WORK ITEM — Could you return all of the data exactly as given?

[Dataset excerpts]
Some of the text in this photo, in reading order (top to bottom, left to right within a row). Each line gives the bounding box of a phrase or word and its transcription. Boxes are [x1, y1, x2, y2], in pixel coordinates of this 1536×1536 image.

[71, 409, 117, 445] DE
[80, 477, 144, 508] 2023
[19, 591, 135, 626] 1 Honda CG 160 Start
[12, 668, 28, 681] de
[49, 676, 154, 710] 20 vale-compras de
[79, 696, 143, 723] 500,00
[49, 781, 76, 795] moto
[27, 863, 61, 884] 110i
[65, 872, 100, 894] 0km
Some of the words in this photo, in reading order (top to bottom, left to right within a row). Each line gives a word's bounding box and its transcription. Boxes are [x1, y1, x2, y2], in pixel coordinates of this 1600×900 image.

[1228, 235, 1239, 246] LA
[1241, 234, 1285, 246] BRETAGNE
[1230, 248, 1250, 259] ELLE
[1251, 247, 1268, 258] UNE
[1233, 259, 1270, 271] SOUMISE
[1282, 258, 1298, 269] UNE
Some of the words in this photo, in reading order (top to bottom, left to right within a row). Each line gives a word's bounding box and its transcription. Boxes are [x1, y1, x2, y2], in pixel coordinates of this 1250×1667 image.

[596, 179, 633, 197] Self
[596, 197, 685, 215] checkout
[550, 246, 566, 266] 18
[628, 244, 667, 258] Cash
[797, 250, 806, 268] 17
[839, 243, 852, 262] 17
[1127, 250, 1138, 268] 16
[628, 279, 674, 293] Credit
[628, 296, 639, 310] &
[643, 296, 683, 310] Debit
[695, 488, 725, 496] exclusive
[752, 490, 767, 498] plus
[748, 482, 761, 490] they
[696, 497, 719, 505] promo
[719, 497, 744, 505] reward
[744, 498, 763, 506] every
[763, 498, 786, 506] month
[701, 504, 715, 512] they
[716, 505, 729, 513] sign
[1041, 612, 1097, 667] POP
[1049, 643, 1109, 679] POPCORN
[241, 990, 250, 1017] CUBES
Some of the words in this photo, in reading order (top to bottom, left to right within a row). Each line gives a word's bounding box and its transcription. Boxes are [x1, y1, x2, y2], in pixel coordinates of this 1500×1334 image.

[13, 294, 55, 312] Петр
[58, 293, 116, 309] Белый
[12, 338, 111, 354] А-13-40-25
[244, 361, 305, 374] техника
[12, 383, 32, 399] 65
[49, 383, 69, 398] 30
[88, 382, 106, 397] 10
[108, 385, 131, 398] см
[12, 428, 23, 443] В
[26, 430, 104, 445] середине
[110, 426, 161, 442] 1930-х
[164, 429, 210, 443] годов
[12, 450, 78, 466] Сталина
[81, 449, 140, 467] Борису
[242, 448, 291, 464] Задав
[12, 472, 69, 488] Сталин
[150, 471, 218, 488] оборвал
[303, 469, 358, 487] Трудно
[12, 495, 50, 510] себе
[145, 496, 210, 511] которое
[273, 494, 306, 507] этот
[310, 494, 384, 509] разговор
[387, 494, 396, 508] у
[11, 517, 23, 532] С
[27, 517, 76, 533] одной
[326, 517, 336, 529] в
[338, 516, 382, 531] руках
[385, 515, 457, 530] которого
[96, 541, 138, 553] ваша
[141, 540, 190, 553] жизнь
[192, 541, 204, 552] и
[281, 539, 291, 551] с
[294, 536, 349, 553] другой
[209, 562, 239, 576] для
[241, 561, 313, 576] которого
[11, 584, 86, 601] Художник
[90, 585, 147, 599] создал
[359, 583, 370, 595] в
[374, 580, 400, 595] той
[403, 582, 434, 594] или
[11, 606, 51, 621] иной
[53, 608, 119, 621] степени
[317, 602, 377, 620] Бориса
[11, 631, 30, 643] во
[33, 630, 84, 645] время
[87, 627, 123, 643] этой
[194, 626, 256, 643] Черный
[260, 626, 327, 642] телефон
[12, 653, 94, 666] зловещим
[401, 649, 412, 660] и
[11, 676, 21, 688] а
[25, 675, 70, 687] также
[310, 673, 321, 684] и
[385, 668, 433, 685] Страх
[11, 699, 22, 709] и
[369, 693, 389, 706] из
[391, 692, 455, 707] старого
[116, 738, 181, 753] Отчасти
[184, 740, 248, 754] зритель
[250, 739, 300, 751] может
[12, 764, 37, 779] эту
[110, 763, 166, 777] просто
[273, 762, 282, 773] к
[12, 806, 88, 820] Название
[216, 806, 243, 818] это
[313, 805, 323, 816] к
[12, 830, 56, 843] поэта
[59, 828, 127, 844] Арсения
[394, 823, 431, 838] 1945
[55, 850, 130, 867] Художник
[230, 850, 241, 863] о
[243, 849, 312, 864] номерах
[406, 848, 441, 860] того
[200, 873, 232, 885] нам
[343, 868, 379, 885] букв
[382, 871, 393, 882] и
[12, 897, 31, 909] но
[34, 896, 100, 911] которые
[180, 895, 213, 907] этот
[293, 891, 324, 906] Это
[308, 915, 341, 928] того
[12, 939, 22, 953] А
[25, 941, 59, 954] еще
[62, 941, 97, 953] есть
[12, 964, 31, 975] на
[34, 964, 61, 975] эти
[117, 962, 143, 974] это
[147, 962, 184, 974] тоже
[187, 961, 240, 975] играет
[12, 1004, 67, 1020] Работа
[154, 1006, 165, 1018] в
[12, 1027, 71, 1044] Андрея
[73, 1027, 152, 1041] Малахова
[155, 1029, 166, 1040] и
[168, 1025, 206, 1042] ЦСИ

YOUR SOLUTION —
Some of the text in this photo, in reading order (top to bottom, left to right within a row). Each line gives the bounding box of a phrase or word and its transcription. Boxes are [x1, y1, x2, y2], in pixel coordinates of this 1536×1536 image.

[71, 409, 117, 445] DE
[80, 477, 144, 508] 2023
[19, 591, 135, 626] 1 Honda CG 160 Start
[12, 668, 28, 681] de
[49, 676, 154, 710] 20 vale-compras de
[79, 696, 143, 723] 500,00
[49, 781, 76, 795] moto
[27, 863, 61, 884] 110i
[65, 872, 100, 894] 0km
Some of the words in this photo, in reading order (top to bottom, left to right within a row). Each line gives a word's bounding box and its transcription. Boxes are [x1, y1, x2, y2], in pixel coordinates of this 1600×900 image.

[1228, 235, 1239, 246] LA
[1241, 234, 1285, 246] BRETAGNE
[1230, 248, 1250, 259] ELLE
[1251, 247, 1268, 258] UNE
[1233, 259, 1270, 271] SOUMISE
[1282, 258, 1298, 269] UNE
Some of the words in this photo, in reading order (top to bottom, left to right within a row). Each line gives a word's bounding box and its transcription. Boxes are [x1, y1, x2, y2], in pixel coordinates of this 1250×1667 image.

[596, 179, 633, 197] Self
[596, 197, 685, 215] checkout
[550, 246, 566, 266] 18
[628, 244, 667, 258] Cash
[797, 250, 806, 268] 17
[839, 243, 852, 262] 17
[1127, 250, 1138, 268] 16
[628, 279, 674, 293] Credit
[628, 296, 639, 310] &
[643, 296, 683, 310] Debit
[695, 488, 725, 496] exclusive
[752, 490, 767, 498] plus
[748, 482, 761, 490] they
[696, 497, 719, 505] promo
[719, 497, 744, 505] reward
[744, 498, 763, 506] every
[763, 498, 786, 506] month
[701, 504, 715, 512] they
[716, 505, 729, 513] sign
[1041, 612, 1097, 667] POP
[1049, 643, 1109, 679] POPCORN
[241, 990, 250, 1017] CUBES
Some of the words in this photo, in reading order (top to bottom, left to right within a row). Each line gives a word's bounding box and its transcription. Boxes are [x1, y1, x2, y2], in pixel coordinates of this 1500×1334 image.

[13, 294, 55, 312] Петр
[58, 293, 116, 309] Белый
[12, 338, 111, 354] А-13-40-25
[244, 361, 305, 374] техника
[12, 383, 32, 399] 65
[49, 383, 69, 398] 30
[88, 382, 106, 397] 10
[108, 385, 131, 398] см
[12, 428, 23, 443] В
[26, 430, 104, 445] середине
[110, 426, 161, 442] 1930-х
[164, 429, 210, 443] годов
[12, 450, 78, 466] Сталина
[81, 449, 140, 467] Борису
[242, 448, 291, 464] Задав
[12, 472, 69, 488] Сталин
[150, 471, 218, 488] оборвал
[303, 469, 358, 487] Трудно
[12, 495, 50, 510] себе
[145, 496, 210, 511] которое
[273, 494, 306, 507] этот
[310, 494, 384, 509] разговор
[387, 494, 396, 508] у
[11, 517, 23, 532] С
[27, 517, 76, 533] одной
[326, 517, 336, 529] в
[338, 516, 382, 531] руках
[385, 515, 457, 530] которого
[96, 541, 138, 553] ваша
[141, 540, 190, 553] жизнь
[192, 541, 204, 552] и
[281, 539, 291, 551] с
[294, 536, 349, 553] другой
[209, 562, 239, 576] для
[241, 561, 313, 576] которого
[11, 584, 86, 601] Художник
[90, 585, 147, 599] создал
[359, 583, 370, 595] в
[374, 580, 400, 595] той
[403, 582, 434, 594] или
[11, 606, 51, 621] иной
[53, 608, 119, 621] степени
[317, 602, 377, 620] Бориса
[11, 631, 30, 643] во
[33, 630, 84, 645] время
[87, 627, 123, 643] этой
[194, 626, 256, 643] Черный
[260, 626, 327, 642] телефон
[12, 653, 94, 666] зловещим
[401, 649, 412, 660] и
[11, 676, 21, 688] а
[25, 675, 70, 687] также
[310, 673, 321, 684] и
[385, 668, 433, 685] Страх
[11, 699, 22, 709] и
[369, 693, 389, 706] из
[391, 692, 455, 707] старого
[116, 738, 181, 753] Отчасти
[184, 740, 248, 754] зритель
[250, 739, 300, 751] может
[12, 764, 37, 779] эту
[110, 763, 166, 777] просто
[273, 762, 282, 773] к
[12, 806, 88, 820] Название
[216, 806, 243, 818] это
[313, 805, 323, 816] к
[12, 830, 56, 843] поэта
[59, 828, 127, 844] Арсения
[394, 823, 431, 838] 1945
[55, 850, 130, 867] Художник
[230, 850, 241, 863] о
[243, 849, 312, 864] номерах
[406, 848, 441, 860] того
[200, 873, 232, 885] нам
[343, 868, 379, 885] букв
[382, 871, 393, 882] и
[12, 897, 31, 909] но
[34, 896, 100, 911] которые
[180, 895, 213, 907] этот
[293, 891, 324, 906] Это
[308, 915, 341, 928] того
[12, 939, 22, 953] А
[25, 941, 59, 954] еще
[62, 941, 97, 953] есть
[12, 964, 31, 975] на
[34, 964, 61, 975] эти
[117, 962, 143, 974] это
[147, 962, 184, 974] тоже
[187, 961, 240, 975] играет
[12, 1004, 67, 1020] Работа
[154, 1006, 165, 1018] в
[12, 1027, 71, 1044] Андрея
[73, 1027, 152, 1041] Малахова
[155, 1029, 166, 1040] и
[168, 1025, 206, 1042] ЦСИ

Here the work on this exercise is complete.